* [PROVIDED INFORMATION]

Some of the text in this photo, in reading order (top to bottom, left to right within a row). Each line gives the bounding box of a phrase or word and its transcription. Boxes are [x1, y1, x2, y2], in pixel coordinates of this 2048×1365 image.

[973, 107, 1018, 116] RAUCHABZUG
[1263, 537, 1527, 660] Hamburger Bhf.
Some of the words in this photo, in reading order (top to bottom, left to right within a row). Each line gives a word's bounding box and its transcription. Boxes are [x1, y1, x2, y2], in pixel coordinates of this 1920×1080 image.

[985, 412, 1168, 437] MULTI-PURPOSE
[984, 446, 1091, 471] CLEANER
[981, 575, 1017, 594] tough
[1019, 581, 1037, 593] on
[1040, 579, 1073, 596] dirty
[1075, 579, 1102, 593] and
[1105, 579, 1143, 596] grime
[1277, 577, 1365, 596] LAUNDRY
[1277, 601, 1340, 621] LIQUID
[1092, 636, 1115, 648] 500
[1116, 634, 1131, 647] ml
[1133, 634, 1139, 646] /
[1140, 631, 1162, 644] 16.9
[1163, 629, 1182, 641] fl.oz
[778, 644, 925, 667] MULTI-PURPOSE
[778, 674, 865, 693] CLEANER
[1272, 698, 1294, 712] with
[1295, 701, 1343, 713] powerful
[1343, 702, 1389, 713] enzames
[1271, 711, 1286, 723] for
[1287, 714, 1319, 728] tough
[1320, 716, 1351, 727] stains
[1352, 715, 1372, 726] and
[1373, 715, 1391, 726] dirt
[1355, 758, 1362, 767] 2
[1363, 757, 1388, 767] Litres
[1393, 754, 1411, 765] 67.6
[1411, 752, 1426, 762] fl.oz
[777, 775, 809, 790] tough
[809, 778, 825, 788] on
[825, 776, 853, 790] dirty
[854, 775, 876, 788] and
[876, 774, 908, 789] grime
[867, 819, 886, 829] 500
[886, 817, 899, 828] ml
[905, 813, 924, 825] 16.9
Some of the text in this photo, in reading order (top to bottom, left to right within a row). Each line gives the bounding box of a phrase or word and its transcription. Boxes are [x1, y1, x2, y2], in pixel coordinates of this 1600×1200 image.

* [EXERCISE]
Repeat the whole listing, keeping every word exactly as it is.

* [RESPONSE FOR THIS EXERCISE]
Some of the text in this photo, in reading order (top to bottom, left to right within a row). Each line gives the bounding box of a phrase or word and its transcription. Boxes are [x1, y1, x2, y2], in pixel coordinates of this 2048×1365 image.

[973, 107, 1018, 116] RAUCHABZUG
[1263, 537, 1527, 660] Hamburger Bhf.
Some of the words in this photo, in reading order (top to bottom, left to right within a row). Each line gives a word's bounding box and its transcription. Boxes are [x1, y1, x2, y2], in pixel coordinates of this 1920×1080 image.

[985, 412, 1168, 437] MULTI-PURPOSE
[984, 446, 1091, 471] CLEANER
[981, 575, 1017, 594] tough
[1019, 581, 1037, 593] on
[1040, 579, 1073, 596] dirty
[1075, 579, 1102, 593] and
[1105, 579, 1143, 596] grime
[1277, 577, 1365, 596] LAUNDRY
[1277, 601, 1340, 621] LIQUID
[1092, 636, 1115, 648] 500
[1116, 634, 1131, 647] ml
[1133, 634, 1139, 646] /
[1140, 631, 1162, 644] 16.9
[1163, 629, 1182, 641] fl.oz
[778, 644, 925, 667] MULTI-PURPOSE
[778, 674, 865, 693] CLEANER
[1272, 698, 1294, 712] with
[1295, 701, 1343, 713] powerful
[1343, 702, 1389, 713] enzames
[1271, 711, 1286, 723] for
[1287, 714, 1319, 728] tough
[1320, 716, 1351, 727] stains
[1352, 715, 1372, 726] and
[1373, 715, 1391, 726] dirt
[1355, 758, 1362, 767] 2
[1363, 757, 1388, 767] Litres
[1393, 754, 1411, 765] 67.6
[1411, 752, 1426, 762] fl.oz
[777, 775, 809, 790] tough
[809, 778, 825, 788] on
[825, 776, 853, 790] dirty
[854, 775, 876, 788] and
[876, 774, 908, 789] grime
[867, 819, 886, 829] 500
[886, 817, 899, 828] ml
[905, 813, 924, 825] 16.9
Some of the text in this photo, in reading order (top to bottom, left to right within a row). Each line gives the bounding box of a phrase or word and its transcription. Boxes are [x1, y1, x2, y2], in pixel coordinates of this 1600×1200 image.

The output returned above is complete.